The head of an emergency department at a Tehran hospital has told how protesters in Iran are being shot in the eyes, breasts and genitals.
Hossein Kermanpour, the emergency manager of Sina Hospital confirmed the gruesome toll to independent Iranian media, on Thursday, 15th December.
His words echo previous claims that women targeted by security forces during protests were being treated for shotgun blasts to their faces, breasts and groins.
Shotgun shells, whether they are buckshot or birdshot both use pellets, which can vary in number and size, while shotgun slugs are typically solid rounds.
Many of the brutal wounds come from weapons fired at exceptionally close range, he explained.
Media reports last week stated that security forces were targeting the genital areas of women in particular.
Kermanpour reportedly said: “The most concern that people had about their injuries is related to severe bleeding, eye damage, cerebral and internal bleeding, or orthopaedic problems.

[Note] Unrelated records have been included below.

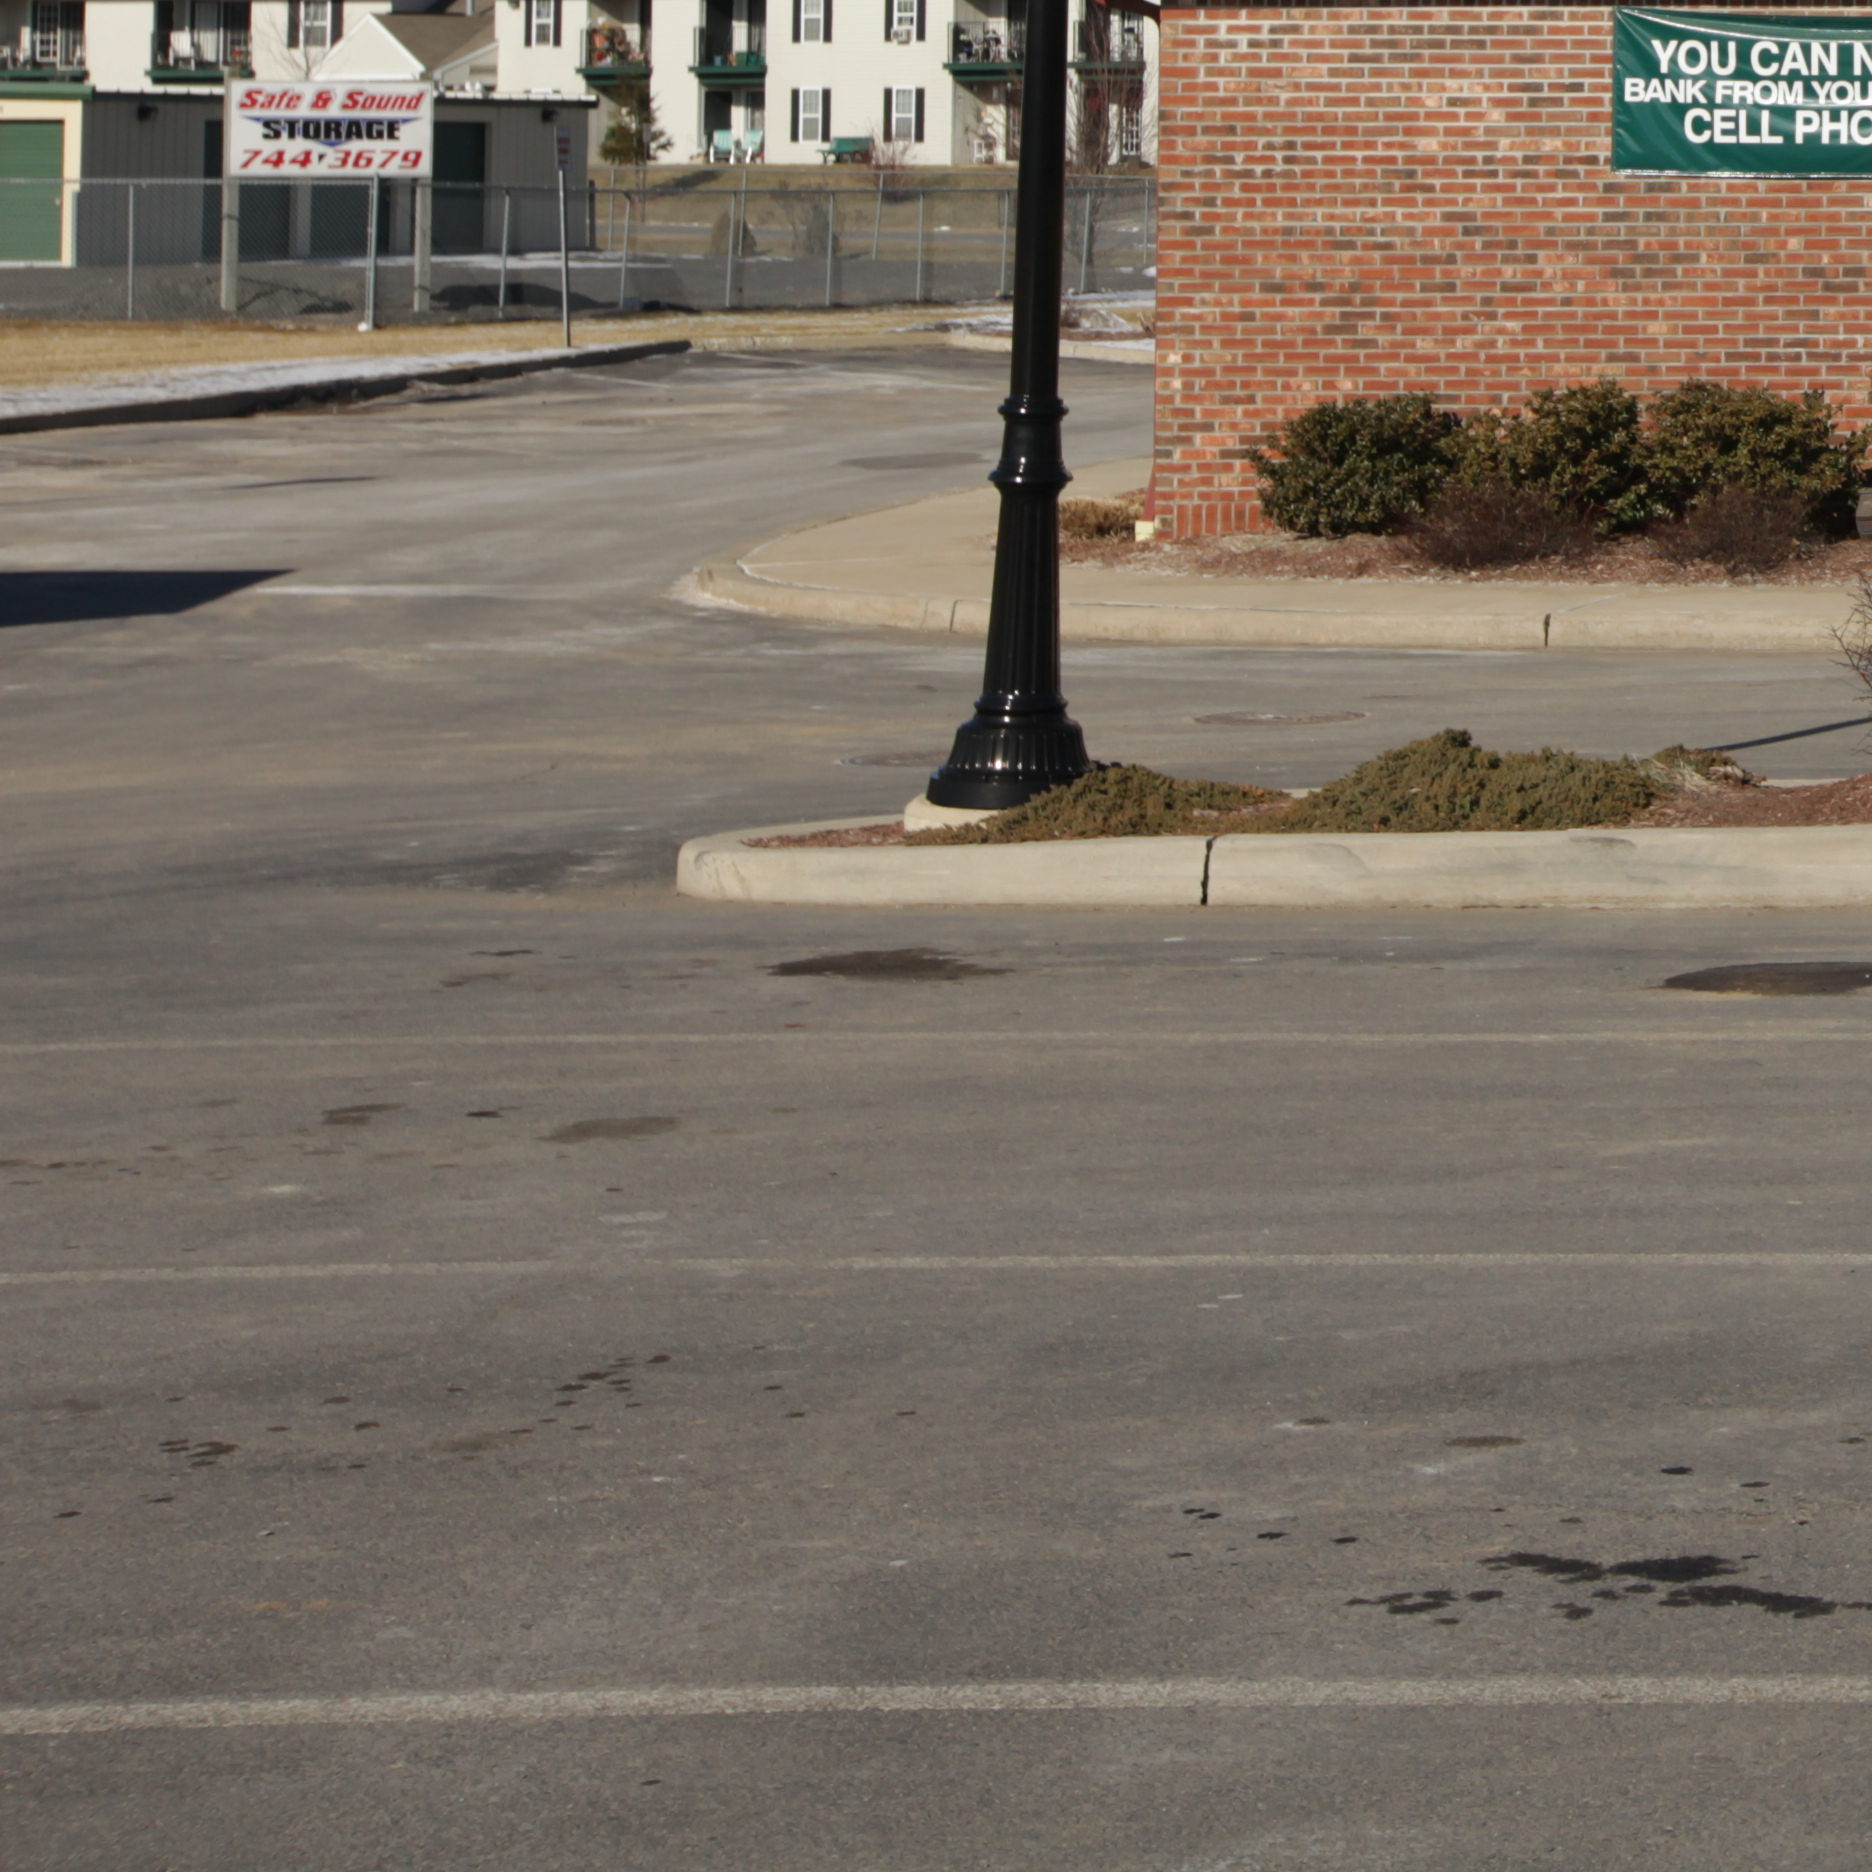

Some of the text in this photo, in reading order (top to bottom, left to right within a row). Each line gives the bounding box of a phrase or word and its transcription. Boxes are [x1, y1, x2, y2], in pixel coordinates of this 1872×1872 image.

[1651, 39, 1738, 77] YOU
[1750, 39, 1851, 76] CAN
[239, 88, 427, 111] Safe & Sound
[1623, 77, 1707, 103] BANK
[1715, 80, 1803, 105] FROM
[262, 120, 401, 140] STORAGE
[1684, 108, 1784, 144] CELL
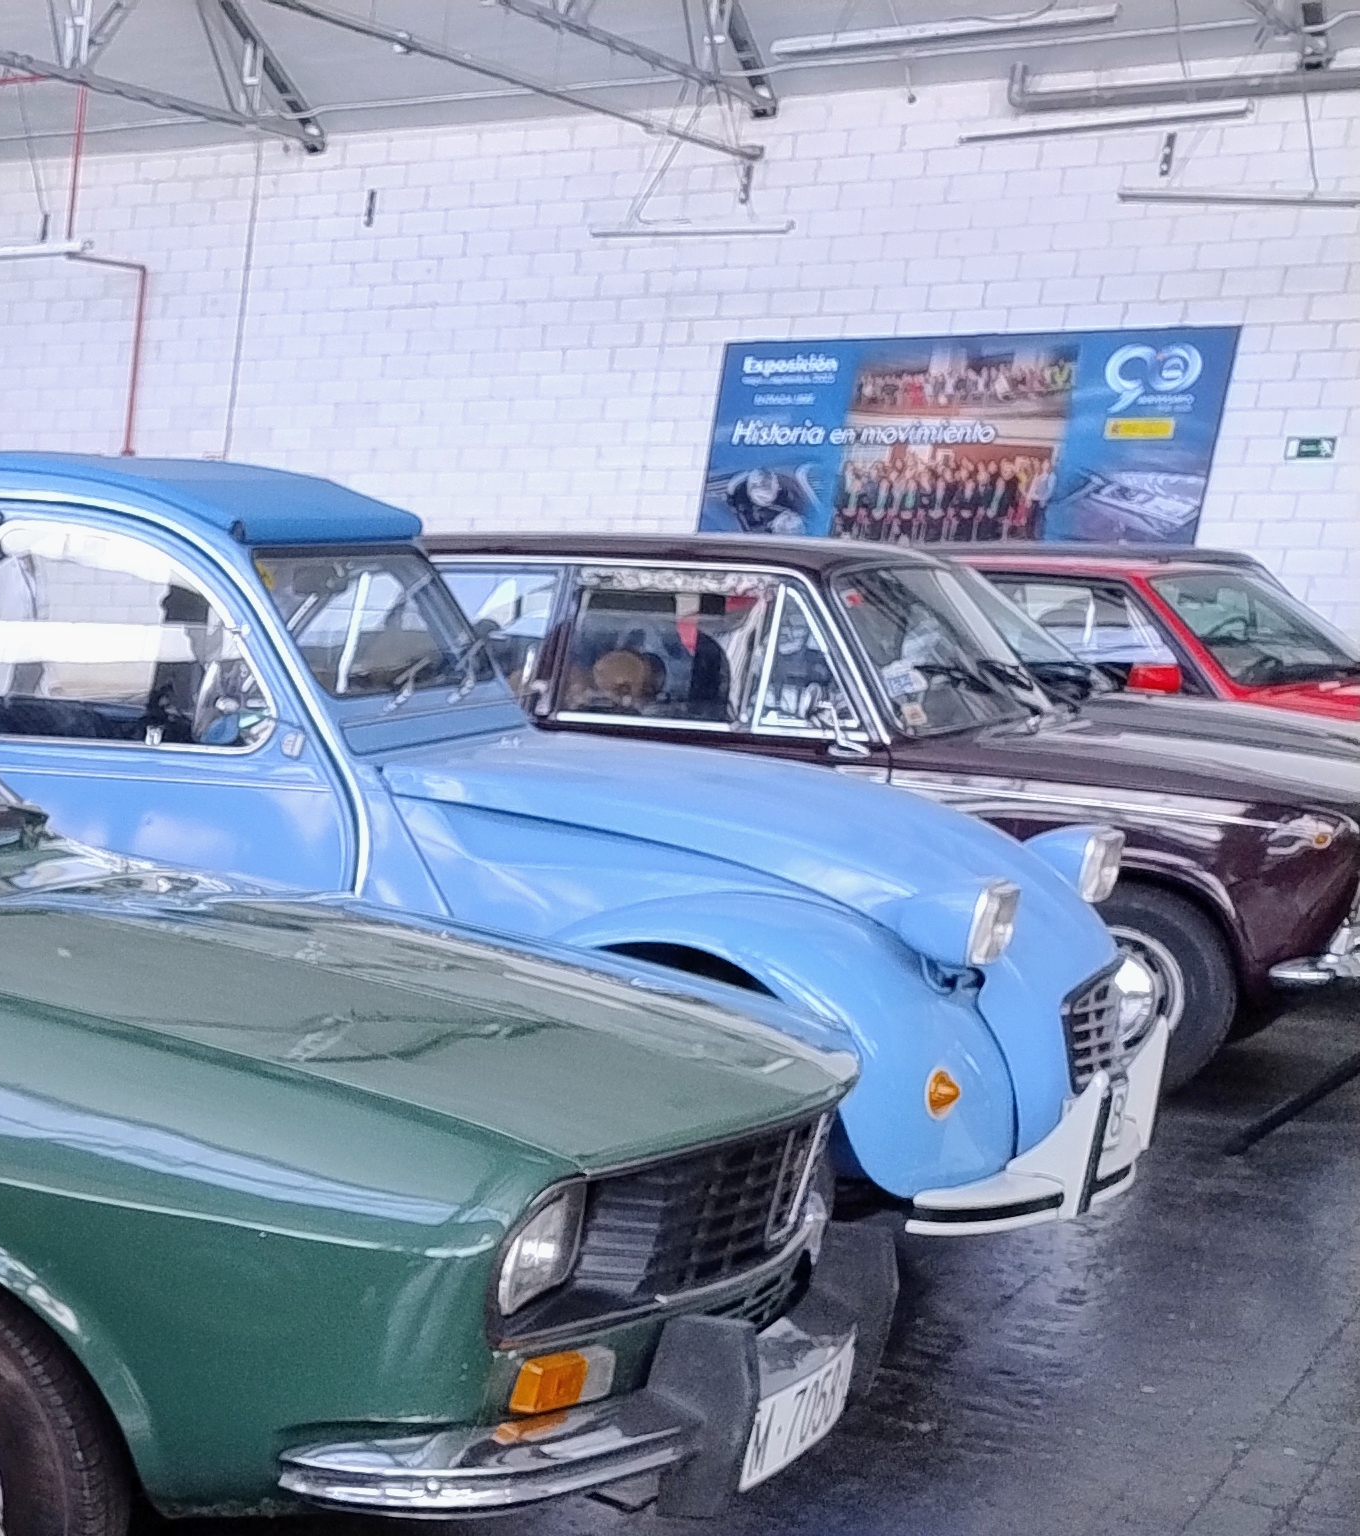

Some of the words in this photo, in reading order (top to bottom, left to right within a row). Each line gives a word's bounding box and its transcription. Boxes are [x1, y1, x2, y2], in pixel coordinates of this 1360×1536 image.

[743, 354, 838, 377] Exposición
[732, 419, 825, 445] Historia
[830, 427, 859, 445] en
[860, 419, 997, 445] movimiento
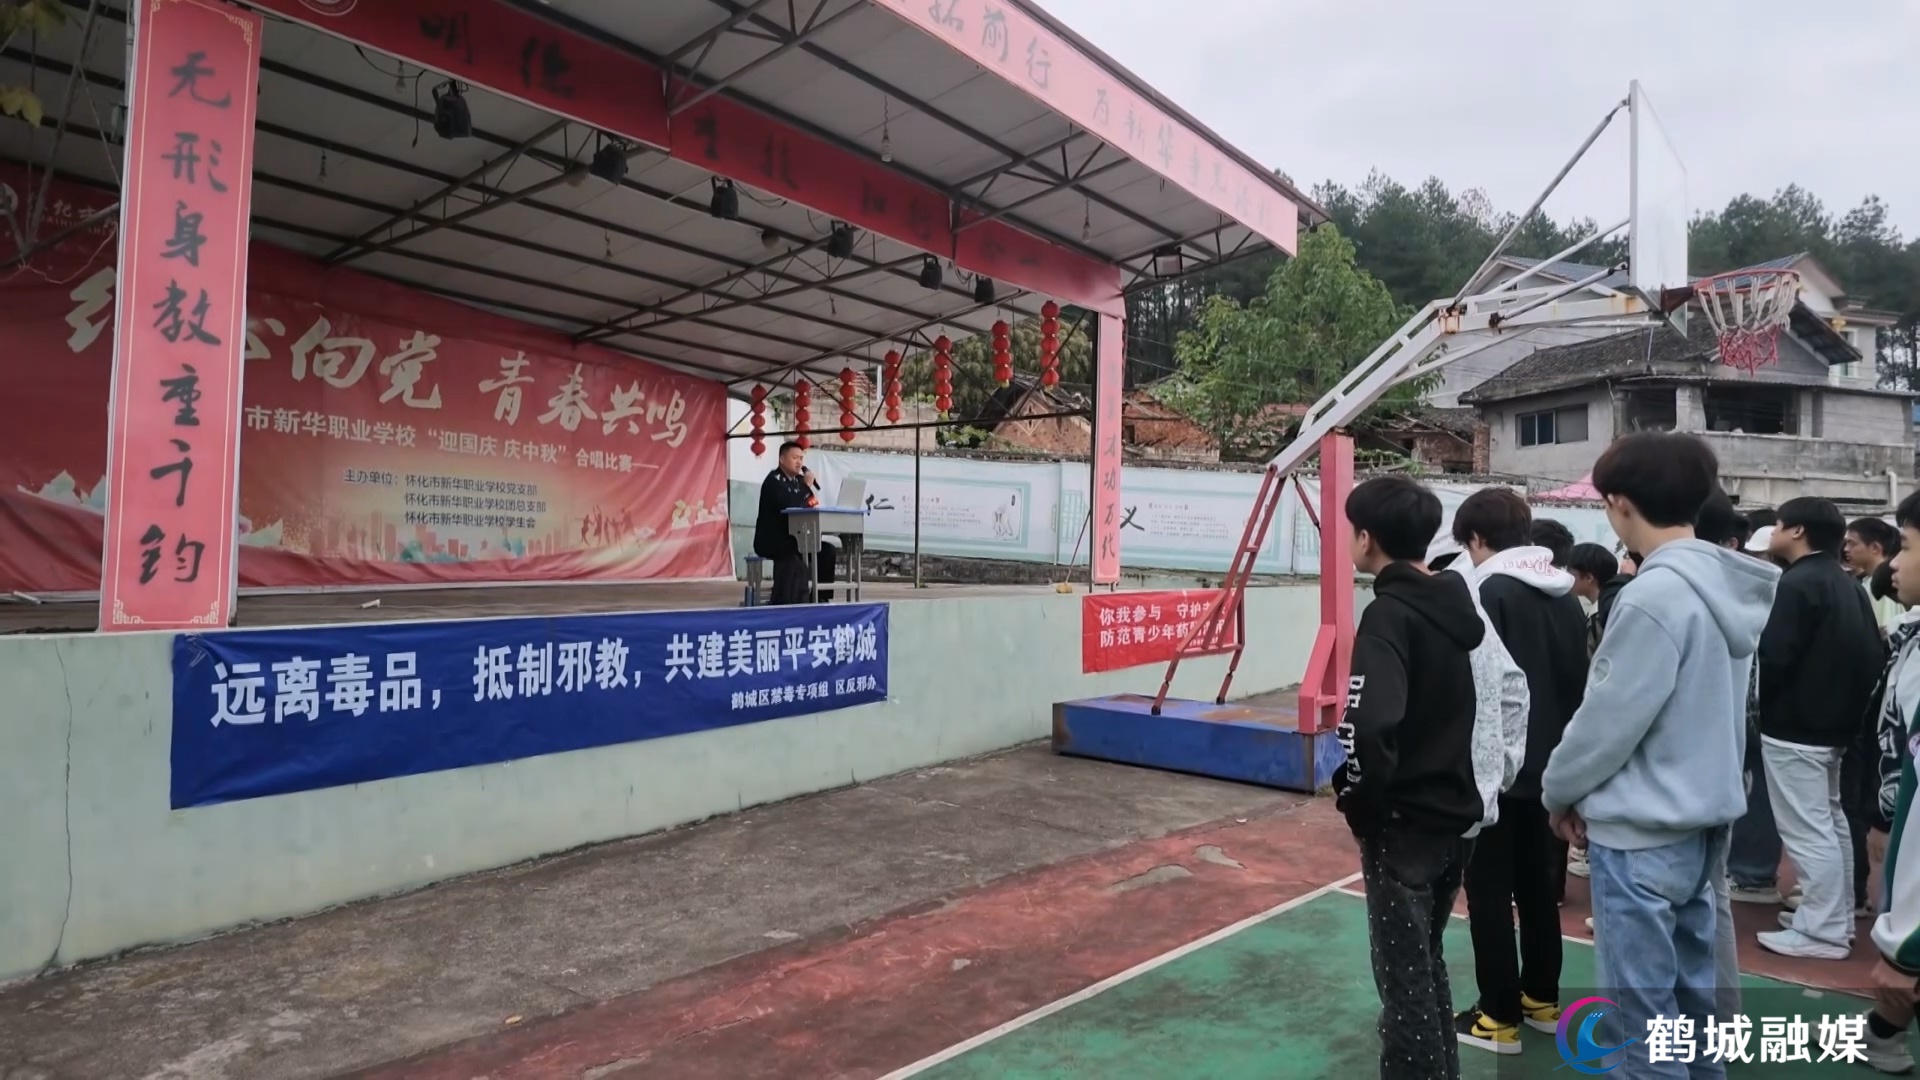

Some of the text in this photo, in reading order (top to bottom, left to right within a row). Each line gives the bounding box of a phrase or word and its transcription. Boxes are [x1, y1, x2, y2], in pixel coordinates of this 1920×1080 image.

[139, 52, 232, 585] 无形身教重千钧
[478, 350, 687, 448] 青春共鸣
[245, 405, 416, 448] 市新华职业学校
[404, 474, 538, 496] 怀化市新华职业学校党支部
[404, 493, 546, 513] 怀化市新华职业学校团总支部
[404, 511, 536, 529] 怀化市新华职业学校学生会
[1100, 604, 1161, 626] 你我参与
[210, 621, 877, 728] 远离毒品， 抵制邪教， 共建美丽平安鹤城
[731, 675, 876, 710] 鹤城区禁毒专项组 区反邪办

“However, the people who use these bullets often did not receive proper training and fired the bullets from a close distance, and this caused the injuries to increase.”
He added: “Most of the injuries were first to the eyes and then to the muscles. In some cases, the lung and genital organs were also hit by bullets. As a result of impacts from batons, there are also fractures.”
Kermanpour said that in some cases people’s eyes had to be removed due to the seriousness of their injuries.
The medic explained that during the early days of the protests, many people were not treated for their injuries in hospitals. He said: “In the first days of the protests, in some universities of medical sciences, the security managers of the universities had notified the security guards of the hospitals of the names of the people injured in the protests.
“This matter reached everyone’s ears and led people not to go for treatment. On the other hand, some members of the treatment staff were wrongly told that if they treated these people, they would be prosecuted. That’s why both sides delayed treatment.”
Kermanpour said that as a result a number of private medical centres have been operating on injured protesters at discount rates, sometimes for free, but he refused to name them for fear that this could cause them trouble.
Iranian forces have been cracking down on waves of civil disorder following the death of Mahsa Amini, 22, from Saqqez, Kurdistan Province, who was on a visit to Tehran when she was arrested by morality police, accused of violating hijab rules on 13th September.
She was allegedly beaten while in custody and spent the following days in a coma in the hospital before succumbing in the ICU on 16th September.
The clinic where she was treated said in a now-deleted social media post that she had been admitted brain-dead.
Alleged medical scans of her skull leaked by hackers showed that she had suffered bone fractures, haemorrhages, and brain oedema.
Independent Iranian media have claimed that Mahsa’s medical records showing her history of heart disease were faked by the Iranian government.
Numbers differ regarding how many people have been killed since the protests began.
The ongoing protests in Iran have killed at least 458 people, including 63 children, and injured at least 1,160, according to independent estimates. Eleven people have so far been sentenced to death by Iranian courts, with two executions carried out so far.
It is also understood that more than 18,000 people have been arrested.